1. Probing the question of “how good can seismic get? I ask you to spend a good amount of time just looking at the amazing detail this section shows. When you click, I will circle a couple of areas of interest that did not show up before this run. Instead of starting with a problem to solve, we must run the program to tell us it even exists. In any case this is just another phase of the story started on the last show, basically an effort to see how much processing could be improved. The area chosen was random. Clicking again will start with the older part of the show.

2. Why inversion & integration is needed to see stratigraphy. The purpose of this posting is to educate the industry on the fact that current processing does not provide this capability. What is really bad is the lack of awareness of the scope of the problem. I am in the middle of finalizing some concepts- The section to the right is just a snapshot of where I am right now. The difference between it and previous inversion attempts is that the task has been broken into fairly short time steps to accommodate the rapidly changing shape of the down wave. I am, of course, happy with the preliminary results, and what they show me prompted this presentation. The message is that assembling the interface spikes supplied by the inversion has clarified the lithology. I have been saying this all along, but this work just provided a better comparison for explanation. I will use duplicates of this display to point out some details.

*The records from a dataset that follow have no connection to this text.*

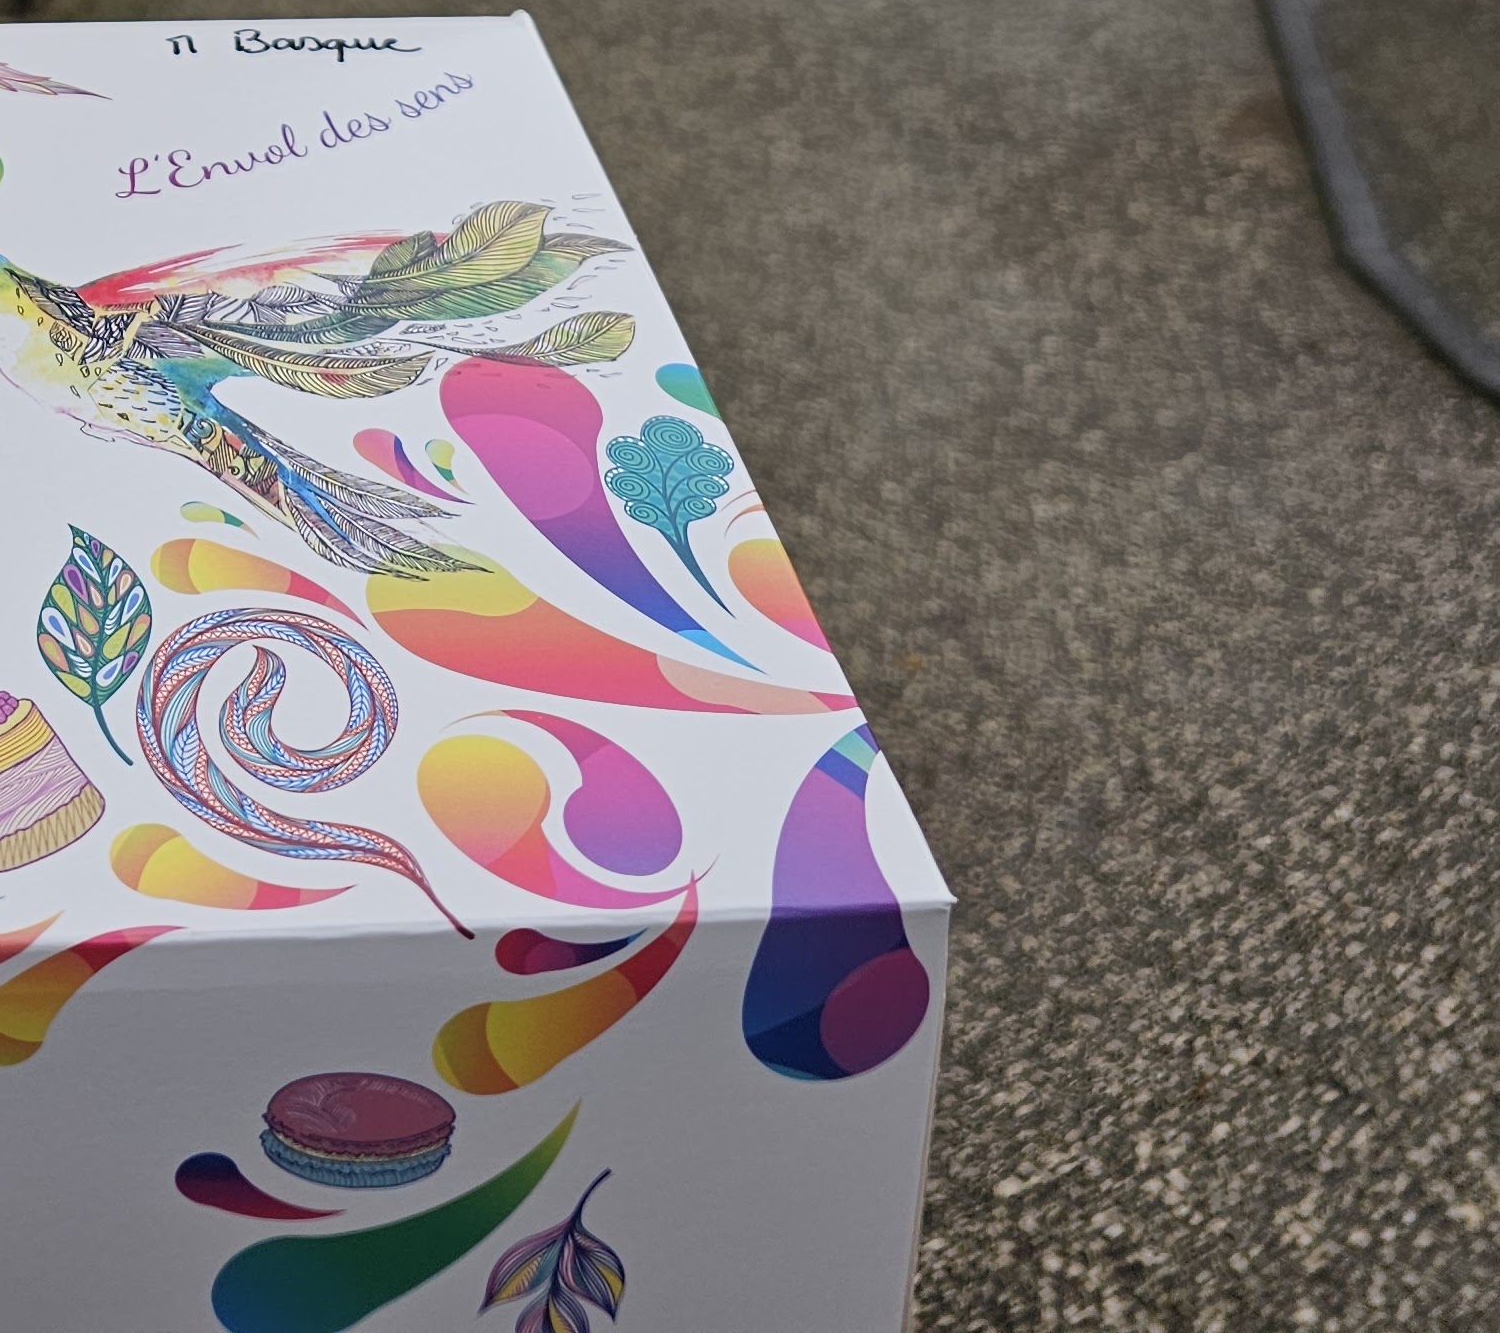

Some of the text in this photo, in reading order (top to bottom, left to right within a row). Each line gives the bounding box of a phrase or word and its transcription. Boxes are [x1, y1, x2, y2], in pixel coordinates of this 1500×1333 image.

[233, 28, 422, 63] Basque
[114, 70, 475, 199] L'Envol des sens
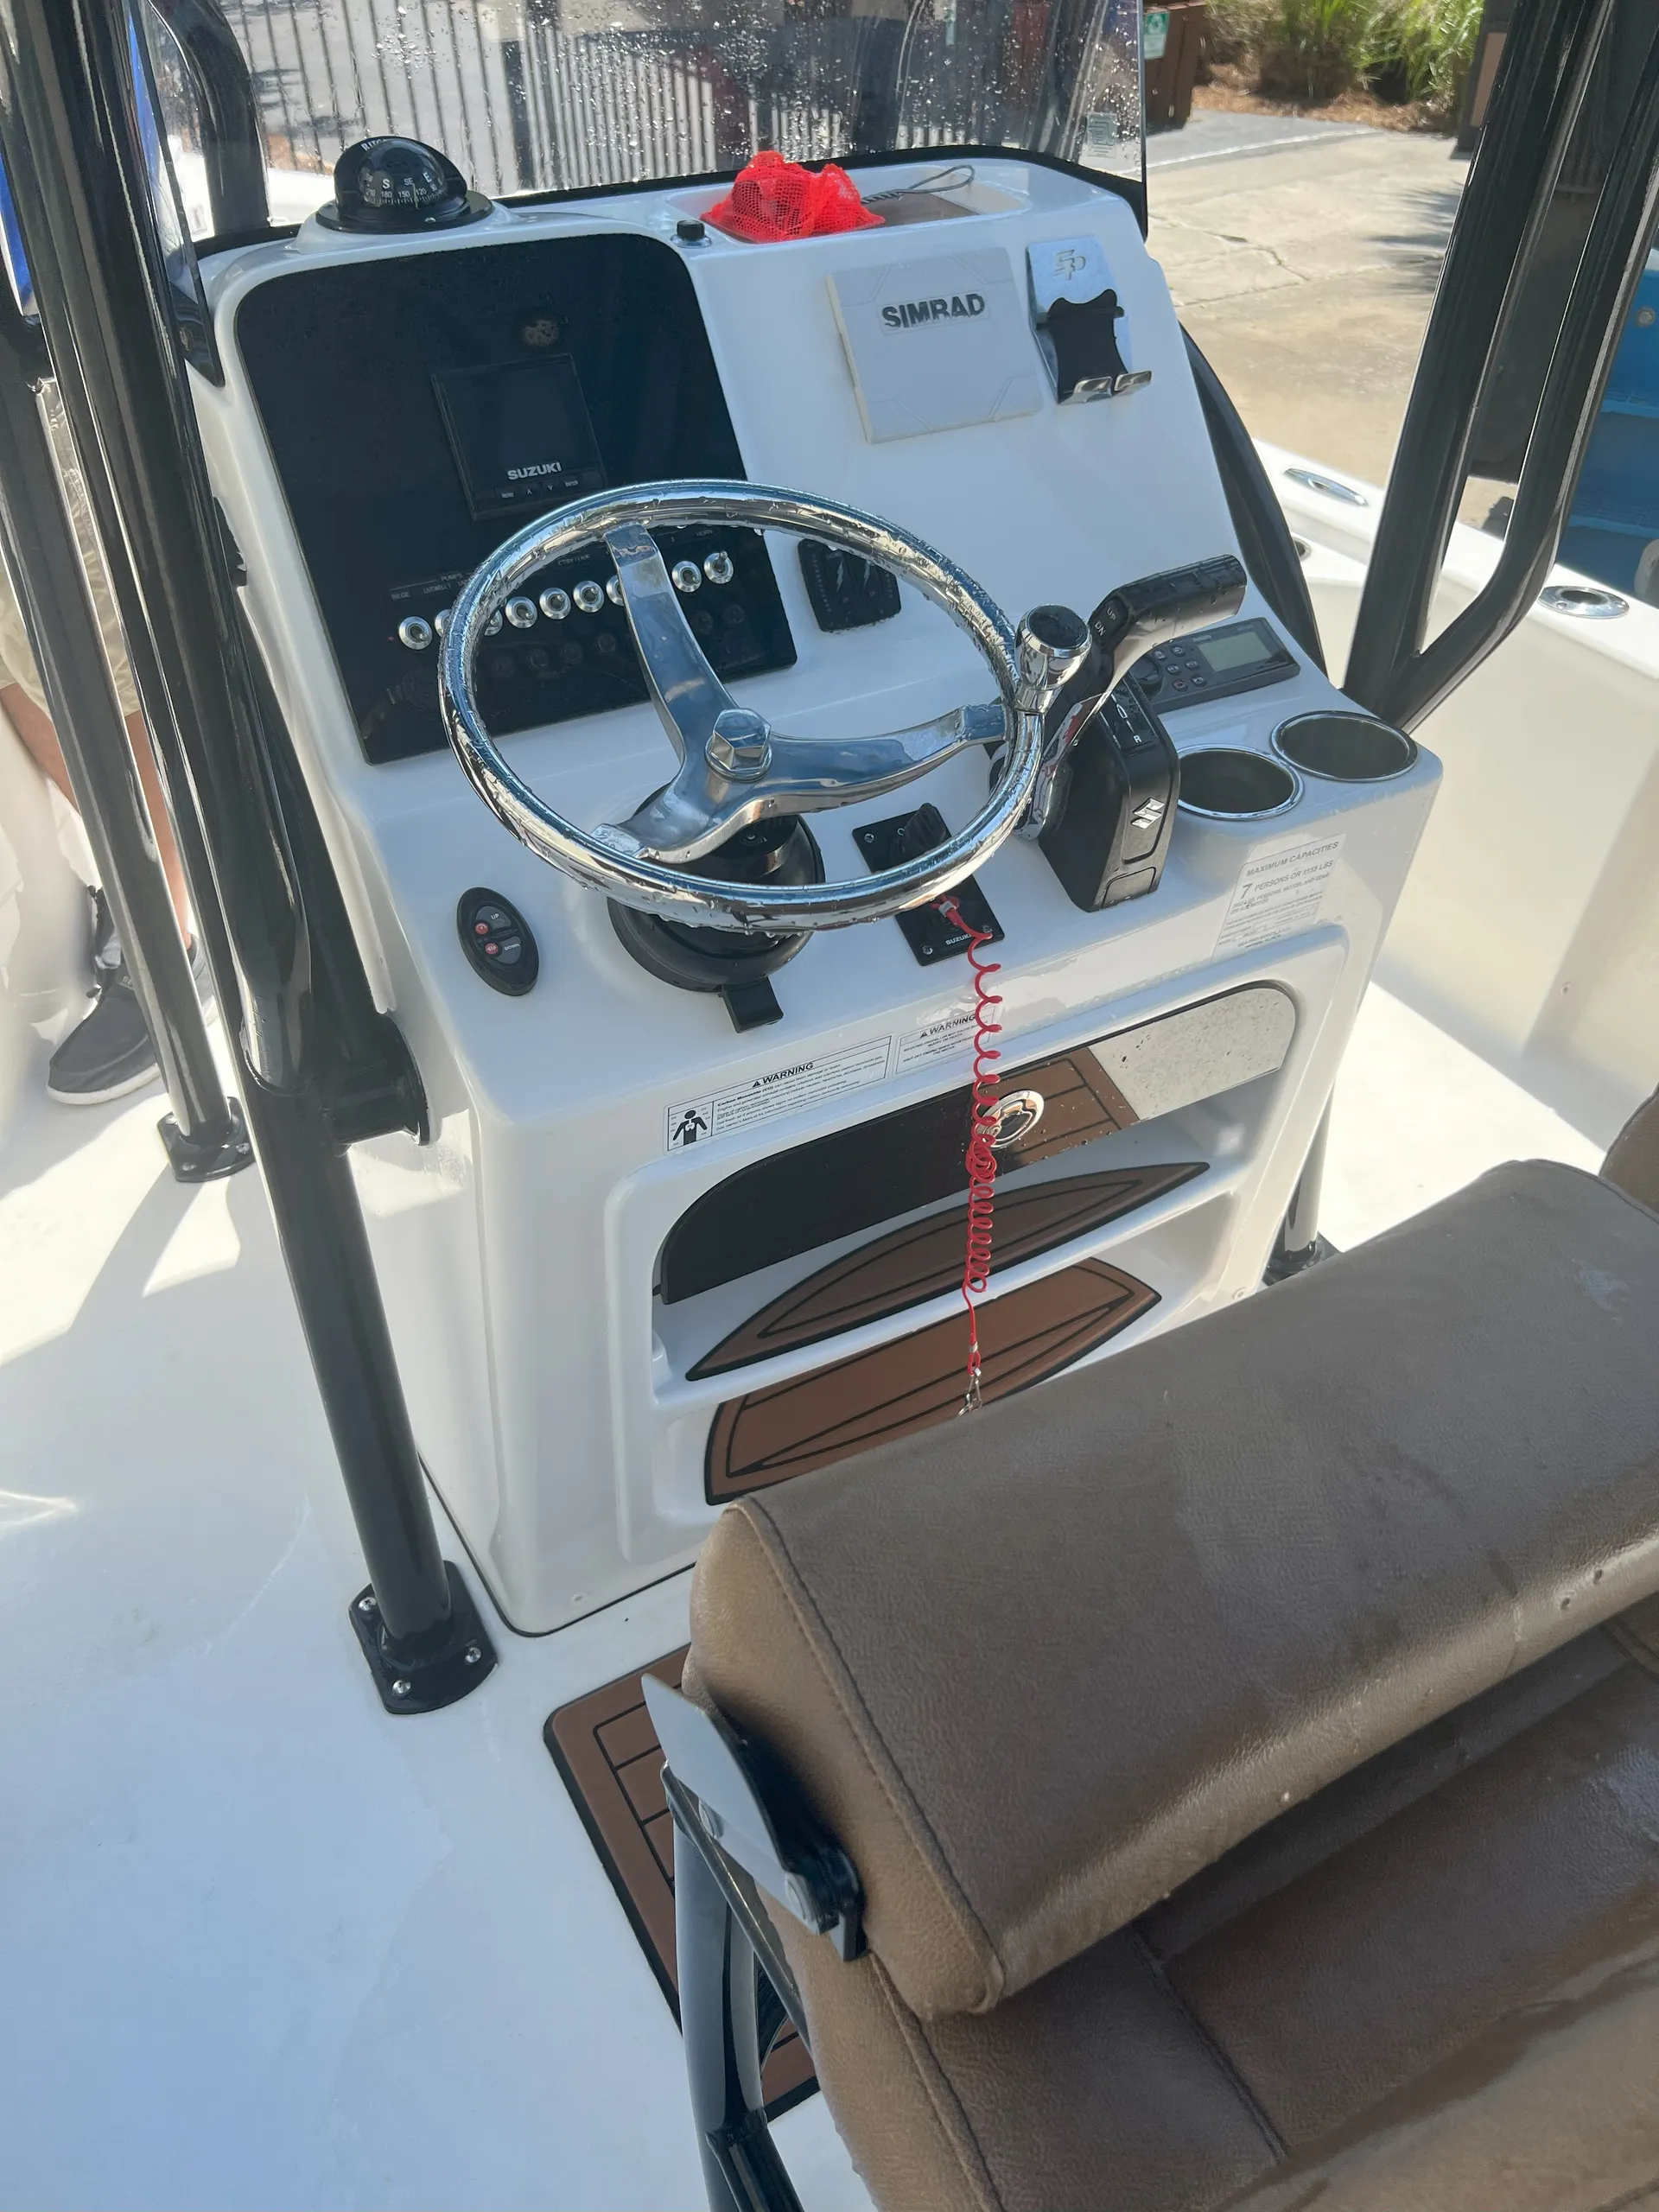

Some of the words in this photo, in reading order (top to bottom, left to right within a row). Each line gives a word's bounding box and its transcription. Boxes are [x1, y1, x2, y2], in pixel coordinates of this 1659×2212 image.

[382, 178, 391, 189] S
[404, 177, 414, 187] SE
[423, 172, 432, 183] E
[381, 190, 392, 199] 180
[398, 190, 410, 199] 150
[416, 188, 427, 196] 120
[881, 293, 986, 328] SIMRAD
[507, 461, 562, 480] SUZUKI
[1107, 607, 1116, 620] UP
[1095, 620, 1106, 636] DN
[1133, 734, 1142, 743] R
[1246, 858, 1287, 876] MAXIMUM
[1289, 842, 1338, 863] CAPACITIES
[1241, 882, 1253, 899] 7
[1255, 874, 1289, 892] PERSONS
[1319, 861, 1333, 870] LBS
[930, 1014, 976, 1034] WARNING
[762, 1062, 814, 1084] WARNING

3. u Finding faults is a major weakness of current processing. This is specially true of strike slip patterns, where no vertical throw may be apparent. Whether or not you believe this one, It obviously could not be picked from the input, so inversion and integration made the difference. Click when you are through looking at my faults.

4. And here is the full input from which the left picture was lifted. It is an optimized stack that cleaned up the gathers in a simple way.

5. And here is the preliminary time variant inversion and integration from that input. The improvement made by breaking the run into some 8 overlapped time segments is most significant. This obviously is due to the changes in the shape of the down wave with travel time. The next version will move to before stack, where the wavelet changes are equally as important. The next pair of slides will carry you through a few details.

6. INPUT Take a good look at the continuity in the oval area. No structure of interest evident here. So toggle on to the next slide.

7. FINAL Sometimes the system surprises me too. However, due to total trace independence, it is impossible for it to manufacture such continuity as I point to (with the red arrow), on its own. So toggle back and forth until you really absorb what has happened here. Of course it would be good to look at the other changes. Click on yellow oval for my latest serious show. It will take a while to load, so study this slide while you wait. Now go on to look at the new before stack additioon.

8. Here is the latest final, with a slight adjustment due to run display differences. To explain inversion before stack: I believe my non-linear logic for reflection coefficient solving is the best in the business. Of course to simulate lithology requires integration, so I used this combination as a base, applying it to collected results from each horizontal offset (later combined in this display). In addition I broke vertical time into around 8 sections, solving for each independently, then merging. The reason for this extra work was the knowledge that the shape of the down wave changes drastically with time traveled. As you can see the importance of this principle was proven by the outstanding success of the process. Of course this came a little late in the game, but at least I am largely satisfied professionally.